BPC-157 protects the body from injuries, and also helps it heal previously acquired injuries, and is currently undergoing human trials . This is a list summing up most of the benefits this peptide is known to have (Source with citations) (4 of the references are not in the main source and were individually added):
- BPC-157 increases blood pressure in rats with low blood pressure.
- BPC-157 decreases blood pressure in rats with high blood pressure.
- BPC-157 protects from heart failure in a state of hyperkalemia (potassium overdose).
- BPC-157 protects from heart failure in a state of hypokalemia (potassium deficiency).
- BPC-157 protects rats from damage (heart failure, pancreatitis, peptic ulcers) induced by hypercalcemia (calcium overdose).
- BPC-157 protects rats from calcium channel blocker overdose.
- BPC-157 protects rats from hypermagnesemia (magnesium overdose).
- BPC-157 significantly improves healing after the following injuries: skin incisions; deep skin burns; various anastomoses as intestinal wounds; diabetic wounds; various fistulas; various tissue transections, particularly ligament, tendon, muscle and nerve. Healing time of all these injuries is significantly decreased with BPC-157 administration.
- BPC-157 prevents scar tissue buildup after injury, and reduces already existing scar tissue.
- BPC-157 modulates the immune system activates macrophages in the immune system, which leads to increased production of growth factors that fight infections, ultimately strengthening the immune system.
NSAID side effects and toxicity
- BPC-157 effectively reduces the side effects and toxicity of NSAIDs, particularly gastric, intestinal, liver and brain lesions, prolonged bleeding and various behavioural disturbances – all of these are significantly antagonized by BPC-157 administration.
- BPC-157 prevents and inhibits the effect of alcohol acute intoxication, withdrawal, and acute and chronic gastric and liver lesions.
- BPC-157 has antidepressant effects in rats; it reduces immobility time in a forced swimming test .
- BPC-157 reduces withdrawal symptoms in morphine-addicted mice.
- BPC-157 reduces motor abnormalities and hyperactivity induced by the dopaminergic neurotoxin MPTP.
- BPC-157 decreases chronic amphetamine-induced behavioral disturbances .
- BPC-157 is effective against serotonin syndrome in rats .
- BPC-157 significantly decreases diazepam tolerance, physical dependence and withdrawal symptoms in mice .
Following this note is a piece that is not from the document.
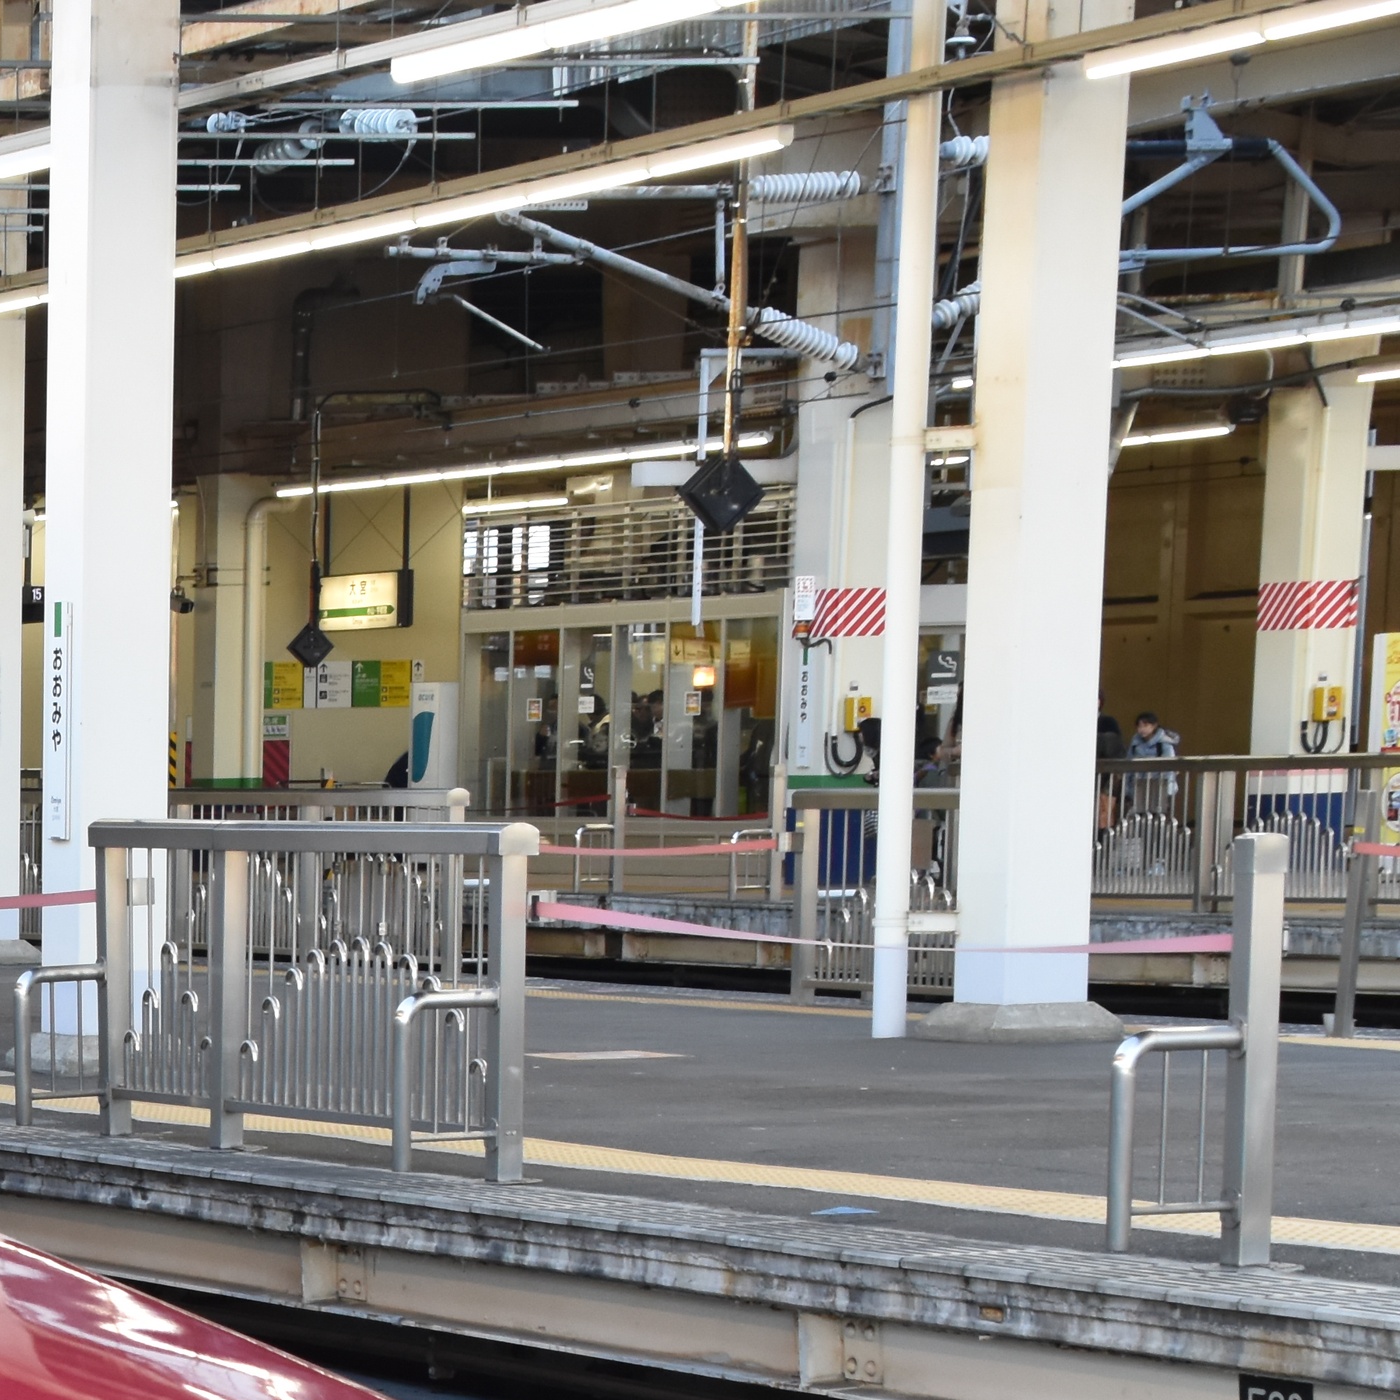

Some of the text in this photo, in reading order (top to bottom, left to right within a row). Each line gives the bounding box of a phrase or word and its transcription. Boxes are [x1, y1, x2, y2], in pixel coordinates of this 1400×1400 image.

[32, 588, 42, 601] 15
[52, 647, 63, 752] おおみや
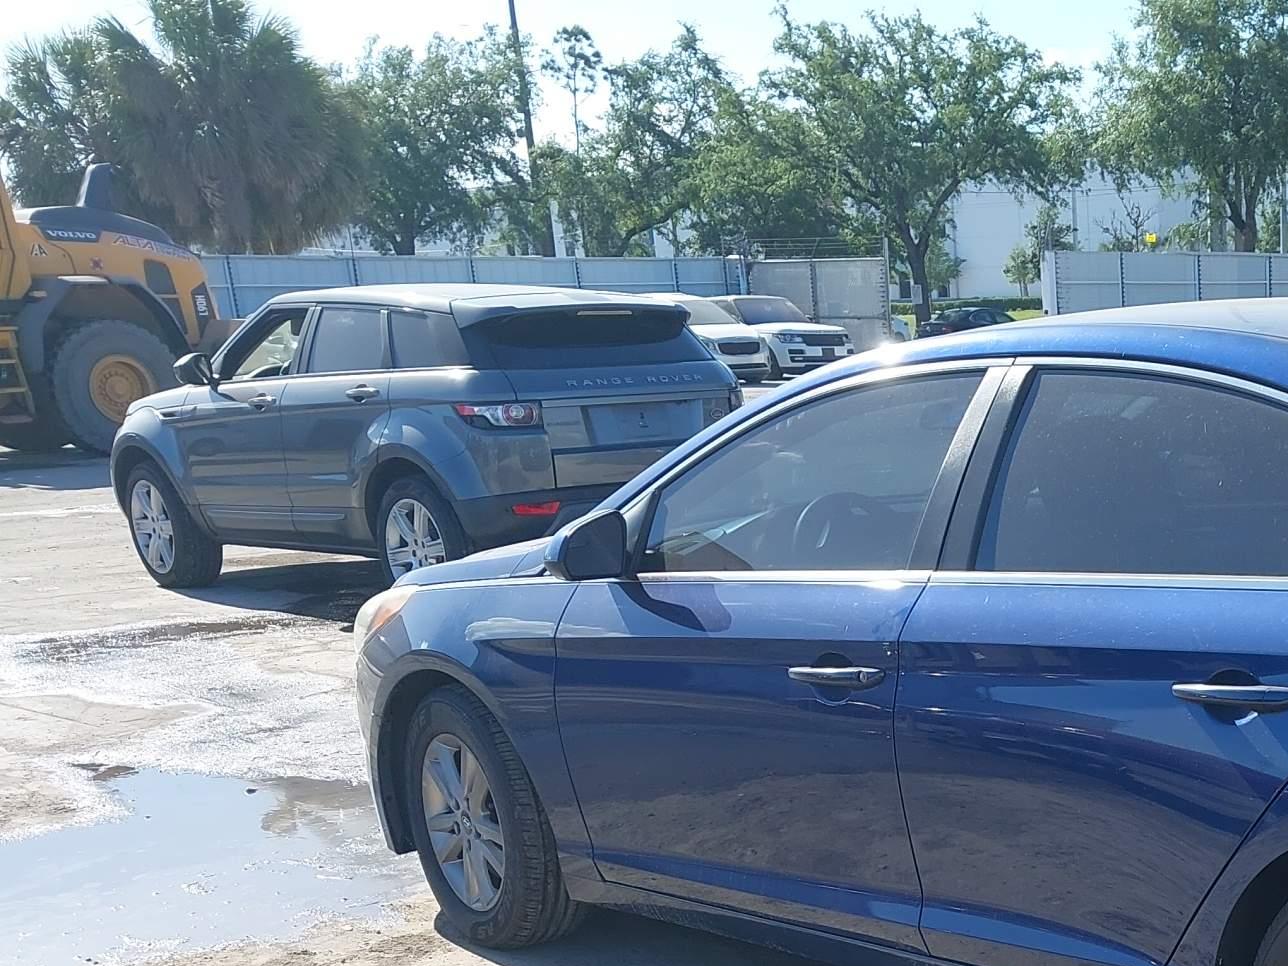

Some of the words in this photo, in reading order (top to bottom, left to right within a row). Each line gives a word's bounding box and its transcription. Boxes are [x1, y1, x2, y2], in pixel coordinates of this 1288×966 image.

- BPC-157 significantly prolongs survival of rats with carcinoma and melanoma B-16 cancers, from 25 days to 45+ days.
- BPC-157 prevents development of gastric ulcers.
- BPC-157 heals existing gastric ulcers by reducing the ulcer area and accelerating the rebuilding of glandular epithelium and formation of granulation tissue.
Inflammation, pain and body temperature
- BPC-157 successfully reduces several models of acute, non-specific inflammation.
- BPC-157 acts against temperature decrease (i.e. water immersion test) and increase (yeast- induced).
- BPC-157 increases pain threshold in carrageenan test in rats.
- BPC-157 increases healing of skin wounds in diabetic animals.
- BPC-157 prevents fructose-induced high blood pressure.
- BPC-157 inhibits the development of insulin resistance.
- BPC-157 improves healing of a transected sciatic nerve in rats, which is particularly shown as faster axonal regeneration.
- BPC-157 strongly decreases the consequences of animal brain injuries induced by a falling weight.
- BPC-157, given before infection of rats with hepatitis A virus, Lymphatic Choriomeningitis (LCM) virus and herpes virus types 1 and 2, completely prevented all signs of infection and disease.
- BPC-157 given to rats after viral infection delays onset of disease symptoms and decreases death.
All citations to the papers demonstrating the benefits mentioned in the list can be found in the source linked at the top of the list (except for 4 which are stated in the list itself).